Fish exports from Brazil’s Rio Grande do Norte to U.S. plunge 80% after tariffs
Sep, 16, 2025 Posted by Lucas LorimerWeek 202539
Brazil’s fish exports from Rio Grande do Norte to the United States have dropped 80% since the 50% tariff imposed by the U.S. government came into effect. The measure, adopted by President Donald Trump, directly hit the state’s fishing sector, which now exports only 20% of the volume previously destined for the U.S. market.
See below a comparison of Brazilian frozen fish exports in the first seven months of the year over the past four years. The chart was prepared with DataLiner data:
Brazilian Frozen Fish Exports | Jan to July 2022–2025 | TEUs
Source: DataLiner (Click here to request a demo)

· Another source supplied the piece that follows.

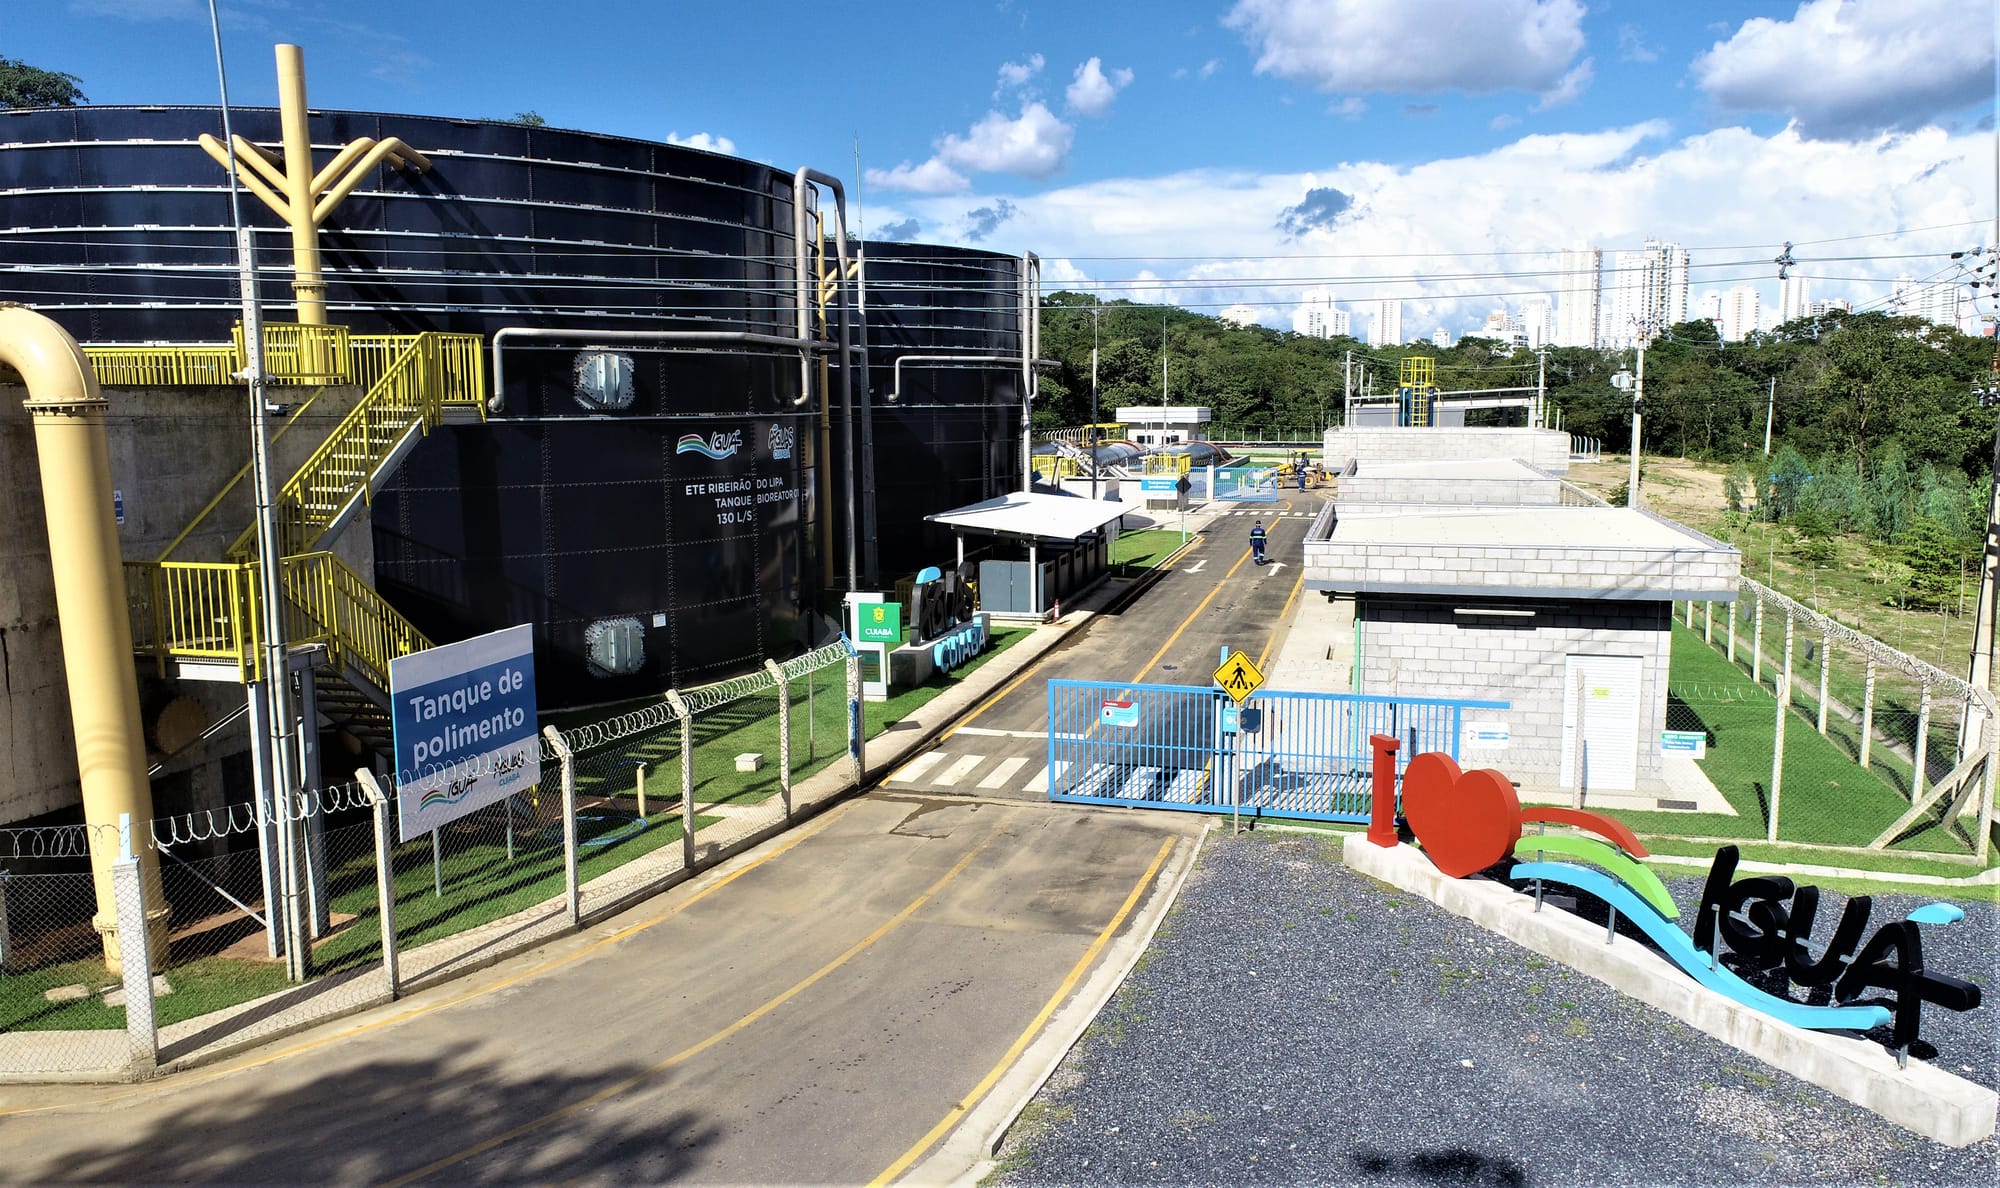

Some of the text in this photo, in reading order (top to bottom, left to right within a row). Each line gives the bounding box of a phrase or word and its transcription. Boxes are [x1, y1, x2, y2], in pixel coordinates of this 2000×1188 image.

According to the Rio Grande do Norte Fishing Industry Union (Sindipesca), the tariff led to half of the state’s tuna fishing fleet being idled. Export volumes fell from about 300 tons per month to less than 50 tons. Part of the tariff cost is being absorbed by the processing plants and part by buyers, through direct negotiations between companies.
Despite the decline in exports, the sector has not yet seen layoffs. Some companies have opted to grant workers vacation as a way to preserve jobs amid reduced production.
Data from the Ministry of Development, Industry, and Foreign Trade show that total exports from Rio Grande do Norte to the United States fell 74% between July and August, from US$6.25 million to US$1.62 million. The sectors most affected were fishing and salt, both of which had a strong presence in the U.S. market.
Arimar França Filho, president of Sindipesca-RN, said the industry is waiting for the swift regulation of the “Plano Brasil Soberano,” which foresees access to credit and measures to preserve jobs. He also highlighted the importance of opening the European market as an alternative to offset losses in the U.S.
In the salt sector, which previously sent 47% of its exports to the United States, the main concern is losing clients. Airton Torres, president of the Salt Extraction Industry Union (Siesal), called the damage “incalculable” and warned of the risk of not being able to recover lost buyers in the future. Still, companies in the sector are not considering layoffs, focusing instead on preserving jobs.
One of the measures taken to soften the crisis was the temporary expansion of the Rio Grande do Norte Industrial Development Program (Proedi), which doubled ICMS incentives and guaranteed up to R$2 million in tax credits. The inclusion of salt in the federal Reintegra program was also discussed with Vice President Geraldo Alckmin in Brasília.
The Federation of Industries of Rio Grande do Norte (FIERN) has been working alongside federal and state governments to seek solutions. Its president, Roberto Serquiz, joined a mission to the U.S. to present the impact of the tariffs to local institutions. He emphasized that Rio Grande do Norte salt is recognized for its purity and quality, and that the state’s tuna also has characteristics that make it hard to replace in the U.S. market.
Serquiz said the priority is to maintain jobs and find commercial alternatives. Some companies are scheduling worker vacations and sacrificing profit margins to maintain market share. The next six months will be decisive in determining whether layoffs or real losses occur in the sector.
Hugo Fonseca, deputy secretary of economic development of Rio Grande do Norte, said a state decree expanded support for affected companies, with a focus on market diversification. He noted growth in Brazilian exports to Mexico (+43.8%) and Mercosur countries (+40.4%) in August as positive signs.
At the national level, the Plano Brasil Soberano foresees R$30 billion in credit through the Export Guarantee Fund, higher Reintegra rates, extension of the drawback regime, and support to producers through public purchases. The credit lines are expected to be regulated later in September, directly benefiting Rio Grande do Norte companies.